La Arqueología y el patrimonio

Los estudios sobre arqueología de Chiclana, que constatan hallazgos datados desde finales del Paleolítico Medio, han ido a la saga, en la mayoría de los casos, de derribos de edificaciones y desmontes para urbanizaciones. Los estudios sistemáticos y de conjunto están aún por llegar. No obstante, se conoce la existencia de profesionales del ramo que desde los años 80 se preocuparon por confeccionar el Mapa Arqueológico del término municipal no siendo tenidos en cuenta por las administraciones que facilitaron el último y desenfrenado crecimiento urbanístico. Han sido numerosísimos los solares -incluso de la zona del Castillo- que no se han excavado. La ocultación de hallazgos para evitar la paralización de las obras en construcción, unido al expolio continuado de los yacimientos por intrusos dotados de equipos técnicos ha mermado de forma considerable e irreparable el conocimiento sobre nuestro pasado. A principios del siglo XX, Romero de Torres, escribió sobre la importancia del yacimiento romano de nuestro Castillo. Curiosamente el hecho fue silenciado y se defendió a capa y espada el origen medieval de nuestra localidad datado en 1303.

Para nada servía que existiese un yacimiento con horno cerámico romano en plena calle La Fuente. Hasta los franceses invasores repararon y hablaban del abandono de la “Chiclana la vieja” ubicada en La Banda, donde constataron la existencia de ruinas romanas. Habida cuenta de que el expolio puede seguir destruyendo nuestros yacimientos. No obstante, destacaremos que ha sido el expolio arqueológico de las aguas de Sancti-Petri el más persistente, sin duda, por la calidad de los objetos sumergidos.

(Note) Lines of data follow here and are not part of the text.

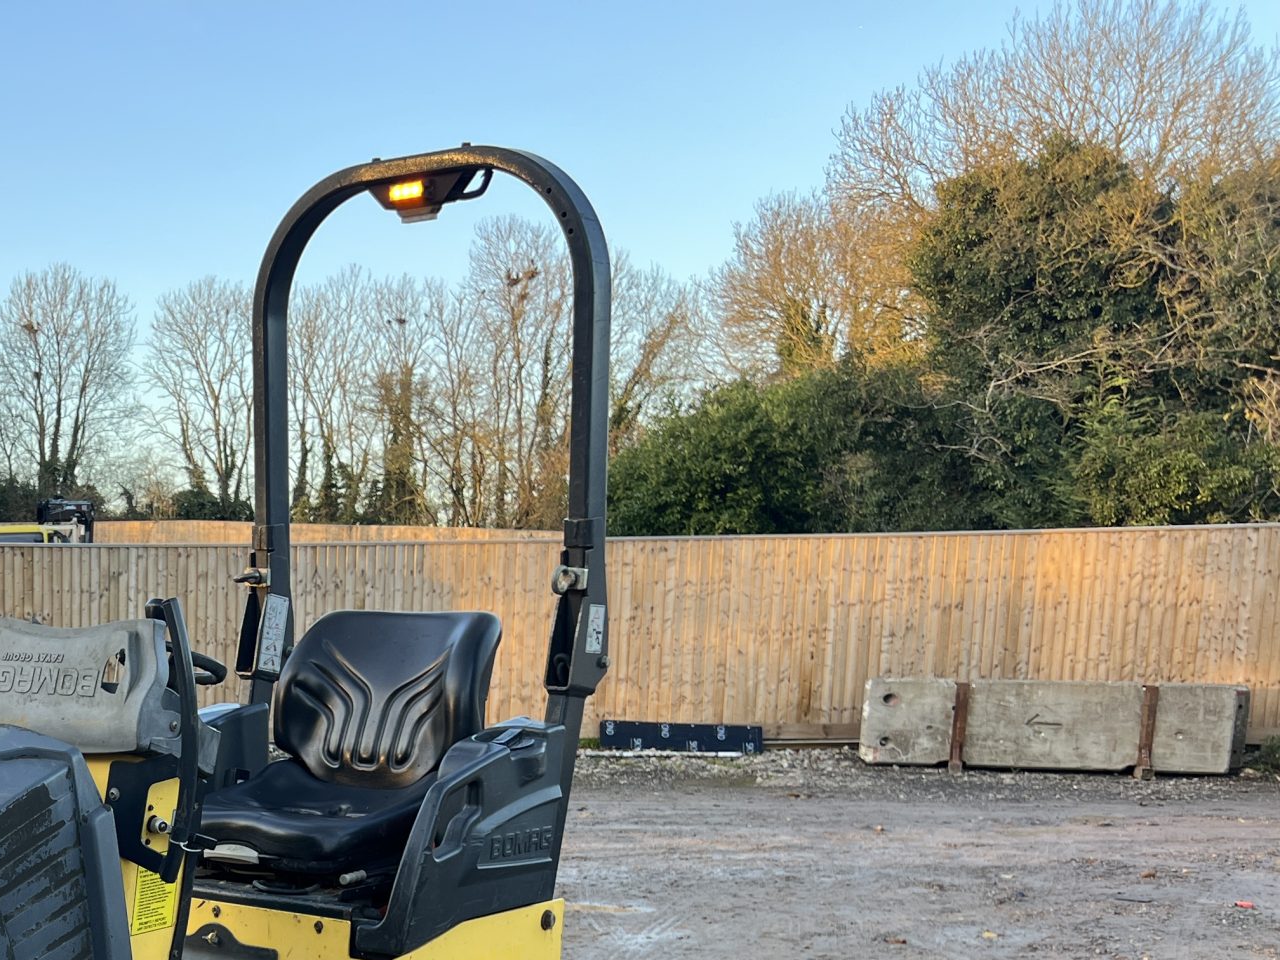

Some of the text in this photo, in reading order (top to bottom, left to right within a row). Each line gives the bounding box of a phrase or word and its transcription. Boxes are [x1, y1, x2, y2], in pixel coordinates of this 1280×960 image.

[0, 651, 65, 664] FAYAT GROUP
[489, 825, 552, 861] BOMAG
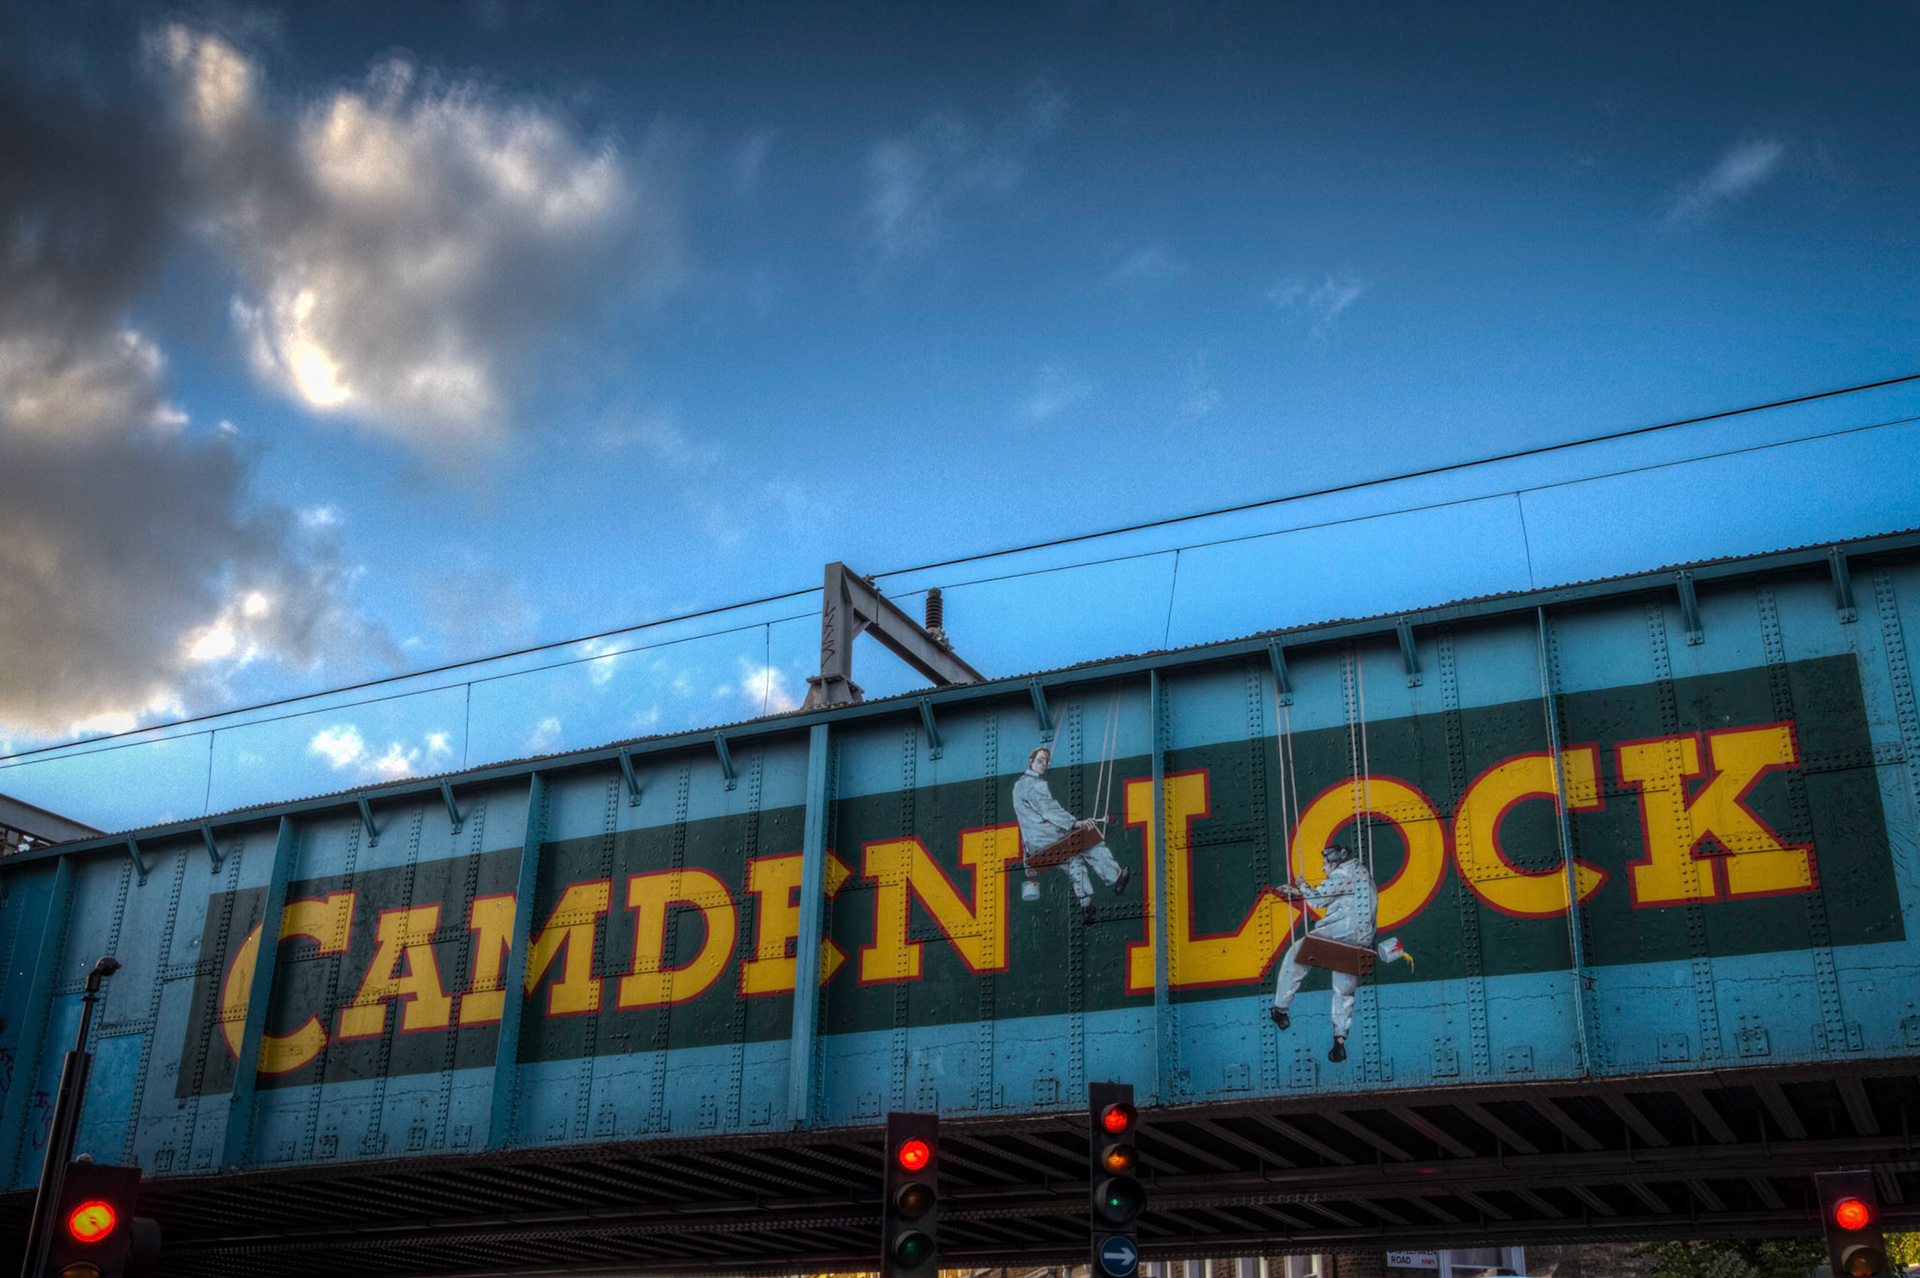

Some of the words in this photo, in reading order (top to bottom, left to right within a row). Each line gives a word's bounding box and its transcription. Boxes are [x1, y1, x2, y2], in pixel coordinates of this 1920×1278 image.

[221, 821, 1024, 1075] CAMDEN
[1123, 719, 1820, 996] LOCK
[1390, 1255, 1411, 1264] ROAD
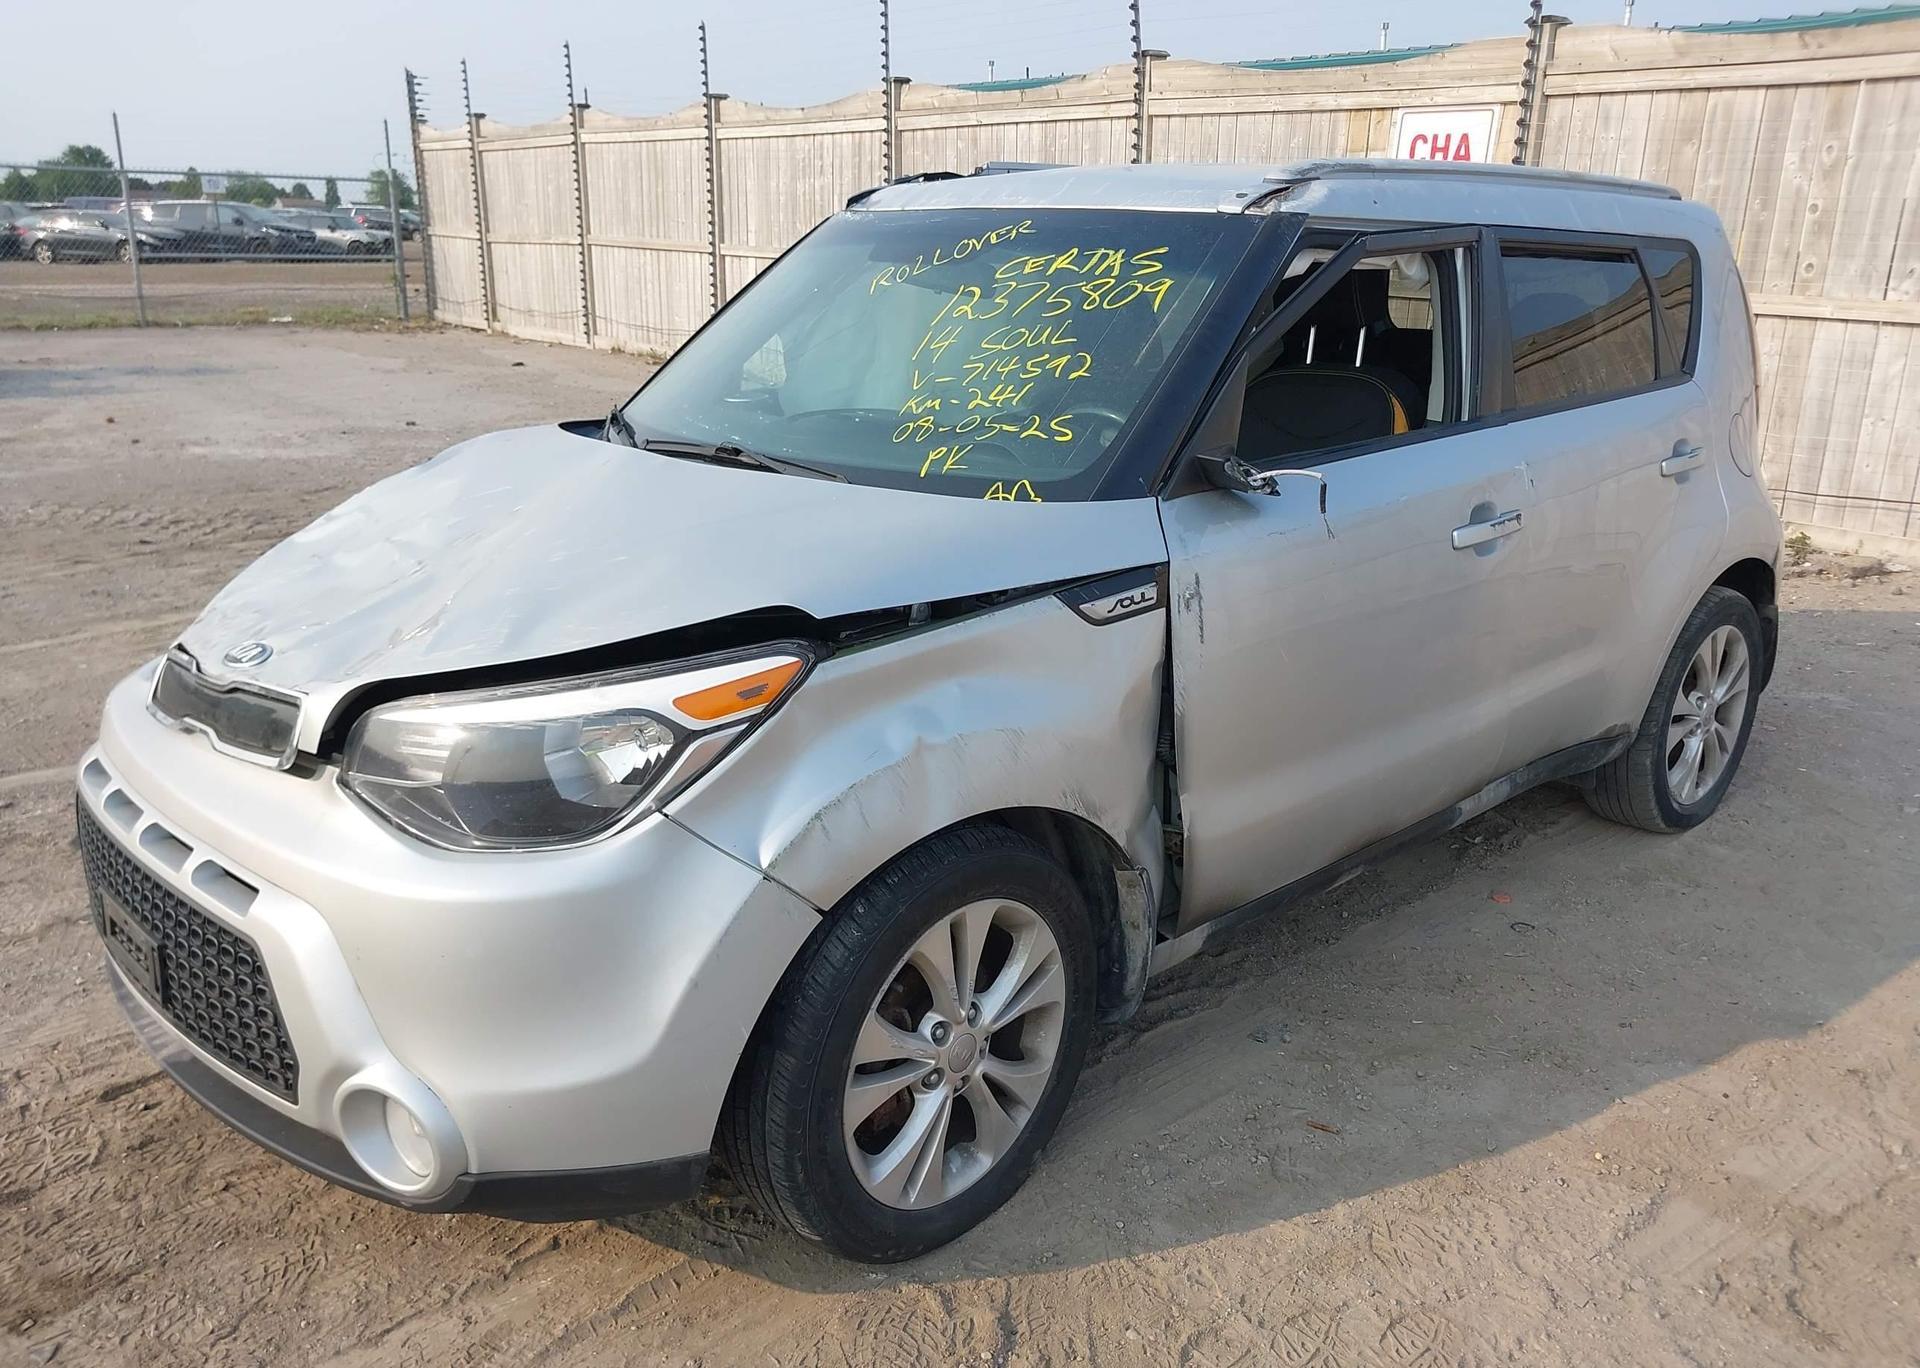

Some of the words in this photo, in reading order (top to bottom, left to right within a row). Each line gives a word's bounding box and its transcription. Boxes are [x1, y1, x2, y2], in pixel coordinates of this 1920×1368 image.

[1409, 132, 1471, 162] CHA
[869, 219, 1037, 296] ROLLOVER
[994, 246, 1170, 279] CERTAS
[930, 277, 1176, 327] 12375809
[911, 325, 963, 364] 14
[969, 319, 1078, 360] SOUL
[919, 444, 974, 478] PK
[1107, 591, 1155, 614] SOUL

Para ello, será necesario la adquisición del “Mapa o Carta Arqueológica” que permita la realización de un “Plan municipal de Protección del Patrimonio Arqueológico” y la futura revalorización de los yacimientos. Aconsejamos así mismo la creación de un “Premio Anual a la Conservación del Patrimonio Histórico de Chiclana” que incluya intervenciones de recreación de elementos arquitectónicos desaparecidos. La reconstrucción de la fachada de un edificio como el antiguo hotel de La Barrosa en la Plaza Mayor, o la reproducción de las fachadas recién destruidas de dicha plaza o similares (como la Casa del Obispo), habrían supuesto un menor impacto al respetar más armonía con el entorno que el edificio levantado. No obstante jamás se debe permitir que se intervenga en el casco histórico con criterios de “ensanche” propios de finales del siglo XIX y principios del XX. Hoy día se protege la trama urbana histórica, previa a la irrupción del automóvil, precisamente por su singularidad y dimensiones acordes con el ser humano. La forma en que se han pretendido resolver los problemas de tráfico rodado y aparcamiento para nada es ajena a la imagen desangelada que ofrecemos. Es inadmisible, por ejemplo, una boca de aparcamiento subterráneo a los pies de la Iglesia Mayor.

Sería deseable que Chiclana recuperase el patrimonio propio desaparecido; pongamos el ejemplo de la fuente y grupo escultórico de la casa-palacio de los Tenorios -calle García Gutiérrez- que actualmente adornan los jardines de la monumental Lonja de Sevilla junto a la Catedral y los Reales Alcázares. Su reproducción hoy sería posible y no más cara que cualquiera de las nuevas estatuas urbanas que se han instalado.